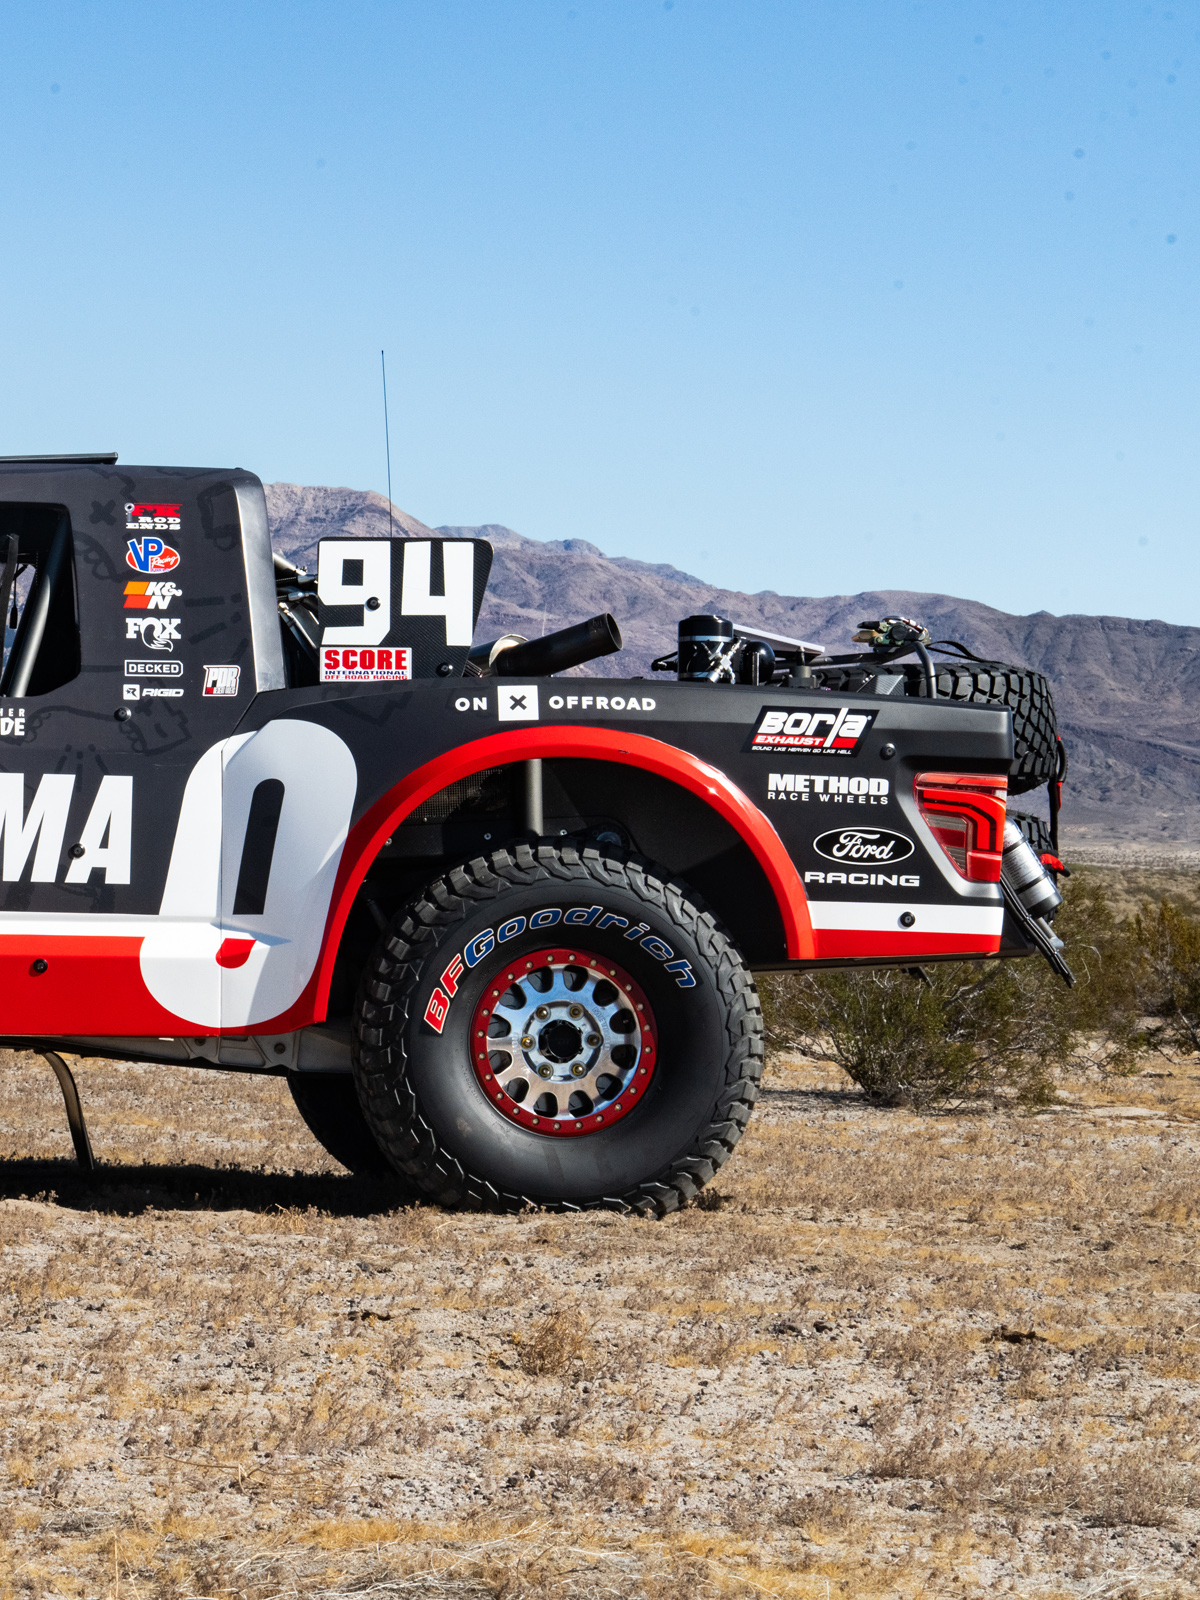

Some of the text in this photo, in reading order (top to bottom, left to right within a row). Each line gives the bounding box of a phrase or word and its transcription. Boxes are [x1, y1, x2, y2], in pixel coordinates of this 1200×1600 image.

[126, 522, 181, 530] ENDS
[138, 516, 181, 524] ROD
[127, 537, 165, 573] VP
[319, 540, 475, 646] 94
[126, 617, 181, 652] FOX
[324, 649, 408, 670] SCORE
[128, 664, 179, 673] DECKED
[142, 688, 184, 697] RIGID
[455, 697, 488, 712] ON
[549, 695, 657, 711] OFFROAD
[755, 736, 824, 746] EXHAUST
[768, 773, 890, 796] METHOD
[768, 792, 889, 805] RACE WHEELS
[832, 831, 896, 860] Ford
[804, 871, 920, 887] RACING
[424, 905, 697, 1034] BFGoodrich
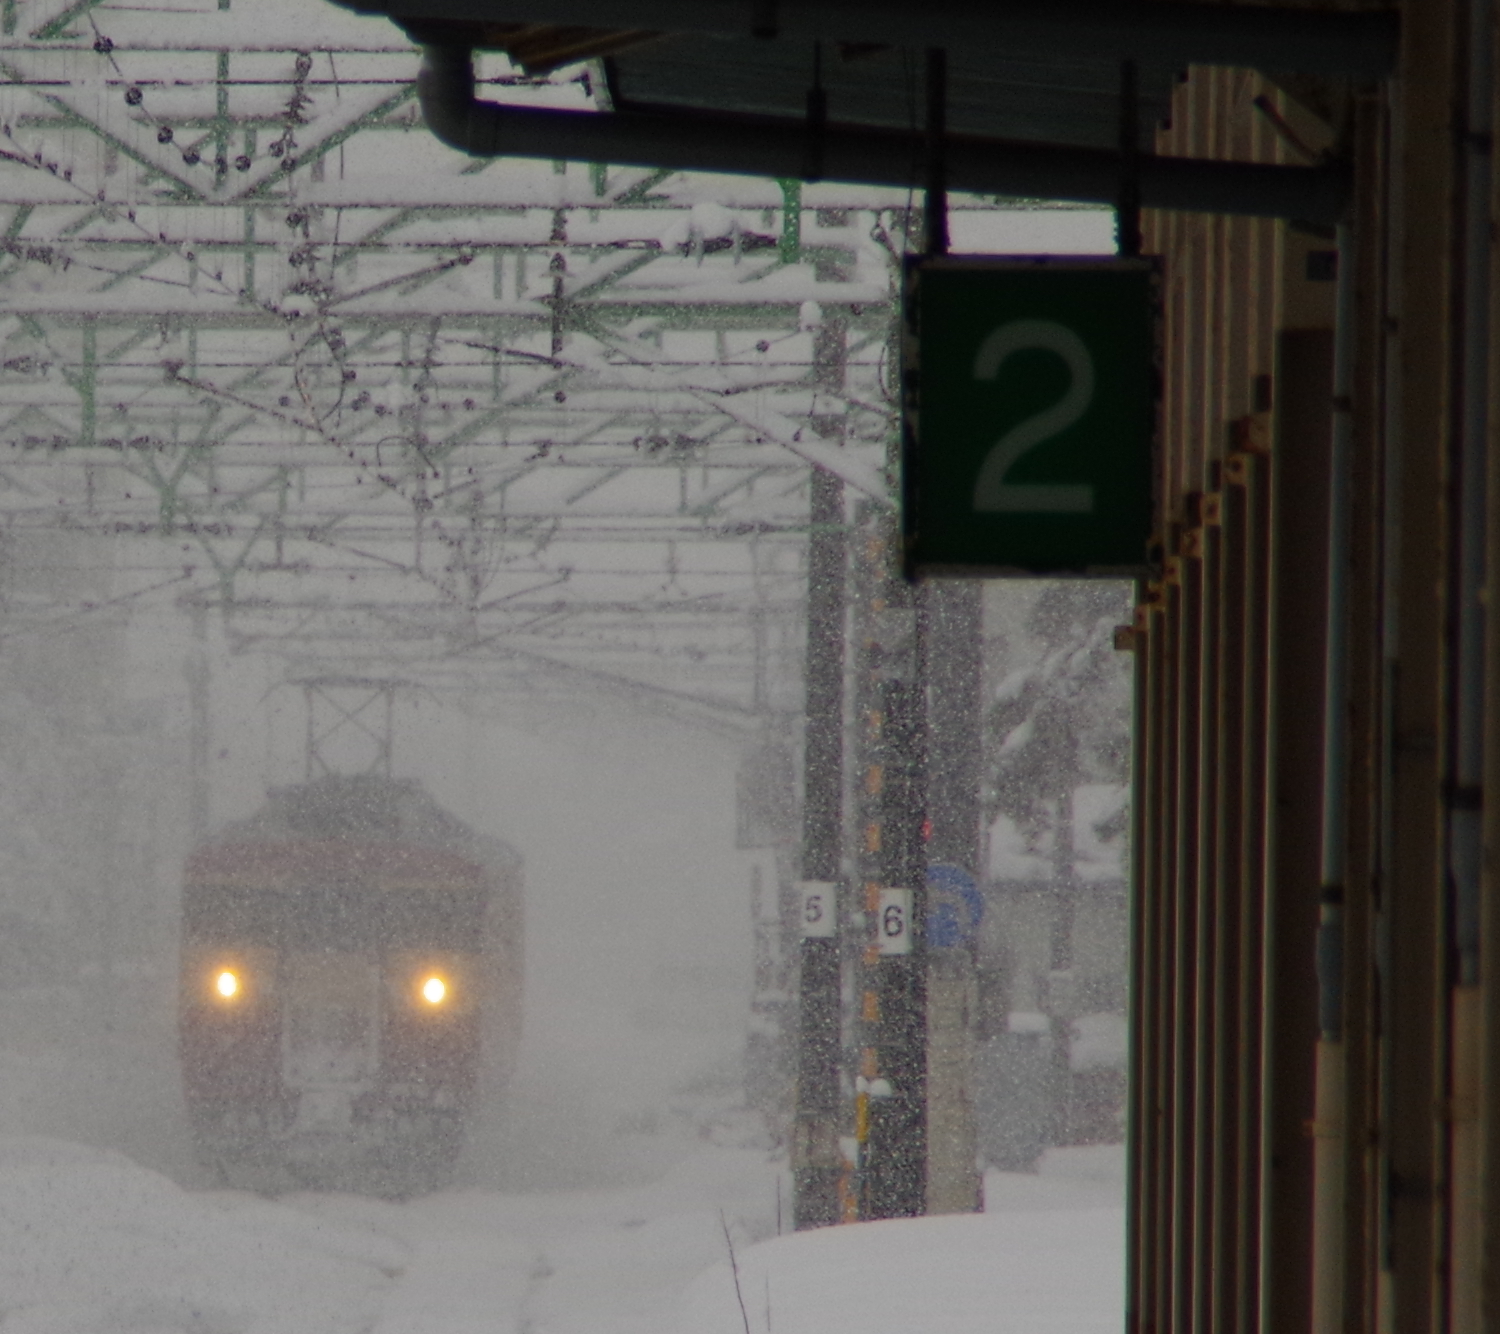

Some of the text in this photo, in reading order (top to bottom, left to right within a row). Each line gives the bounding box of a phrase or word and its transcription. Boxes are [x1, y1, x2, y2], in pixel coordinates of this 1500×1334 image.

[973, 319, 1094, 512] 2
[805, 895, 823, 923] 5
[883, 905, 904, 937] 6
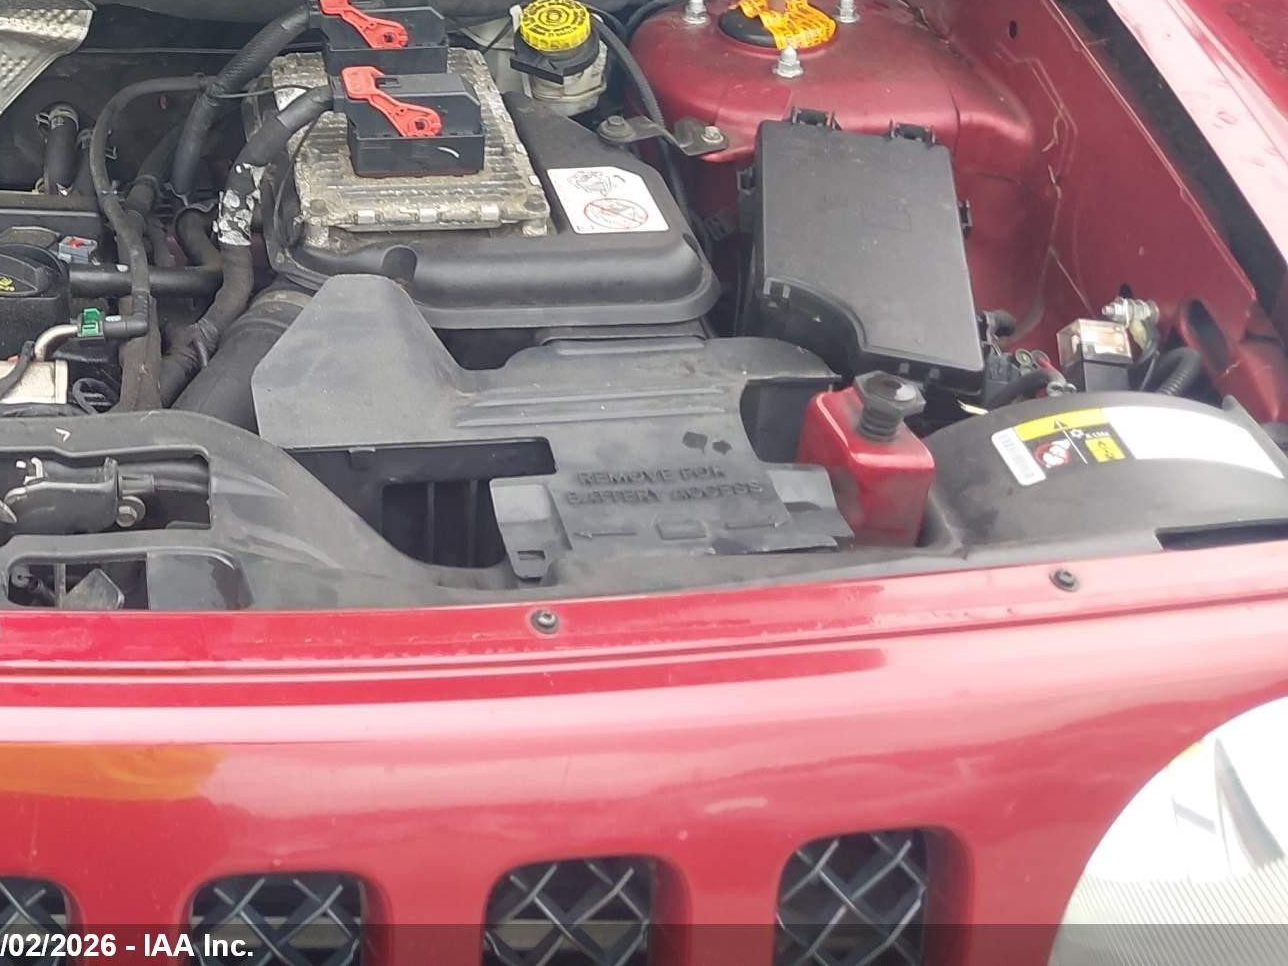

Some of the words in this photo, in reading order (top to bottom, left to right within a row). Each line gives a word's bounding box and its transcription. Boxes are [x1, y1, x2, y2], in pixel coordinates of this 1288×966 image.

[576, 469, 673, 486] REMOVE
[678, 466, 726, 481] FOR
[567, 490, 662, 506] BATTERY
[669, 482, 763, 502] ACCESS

* **Problem requirements**: The whole listing above must be returned exactly as written, with no pictures carried over.

* **Solution below**:
Some of the text in this photo, in reading order (top to bottom, left to right within a row). Each line gives the bounding box of a phrase or word and its transcription. Boxes are [x1, y1, x2, y2], in pixel coordinates of this 1200×1600 image.

[126, 522, 181, 530] ENDS
[138, 516, 181, 524] ROD
[127, 537, 165, 573] VP
[319, 540, 475, 646] 94
[126, 617, 181, 652] FOX
[324, 649, 408, 670] SCORE
[128, 664, 179, 673] DECKED
[142, 688, 184, 697] RIGID
[455, 697, 488, 712] ON
[549, 695, 657, 711] OFFROAD
[755, 736, 824, 746] EXHAUST
[768, 773, 890, 796] METHOD
[768, 792, 889, 805] RACE WHEELS
[832, 831, 896, 860] Ford
[804, 871, 920, 887] RACING
[424, 905, 697, 1034] BFGoodrich

Some of the text in this photo, in reading order (top to bottom, left to right within a row). Each line gives the bounding box of a phrase or word and its transcription. Boxes are [x1, y1, x2, y2], in pixel coordinates of this 1500×1334 image.

[973, 319, 1094, 512] 2
[805, 895, 823, 923] 5
[883, 905, 904, 937] 6

Some of the words in this photo, in reading order (top to bottom, left to right within a row). Each line gives a word's bounding box and its transcription. Boxes are [x1, y1, x2, y2], in pixel coordinates of this 1288×966 image.

[576, 469, 673, 486] REMOVE
[678, 466, 726, 481] FOR
[567, 490, 662, 506] BATTERY
[669, 482, 763, 502] ACCESS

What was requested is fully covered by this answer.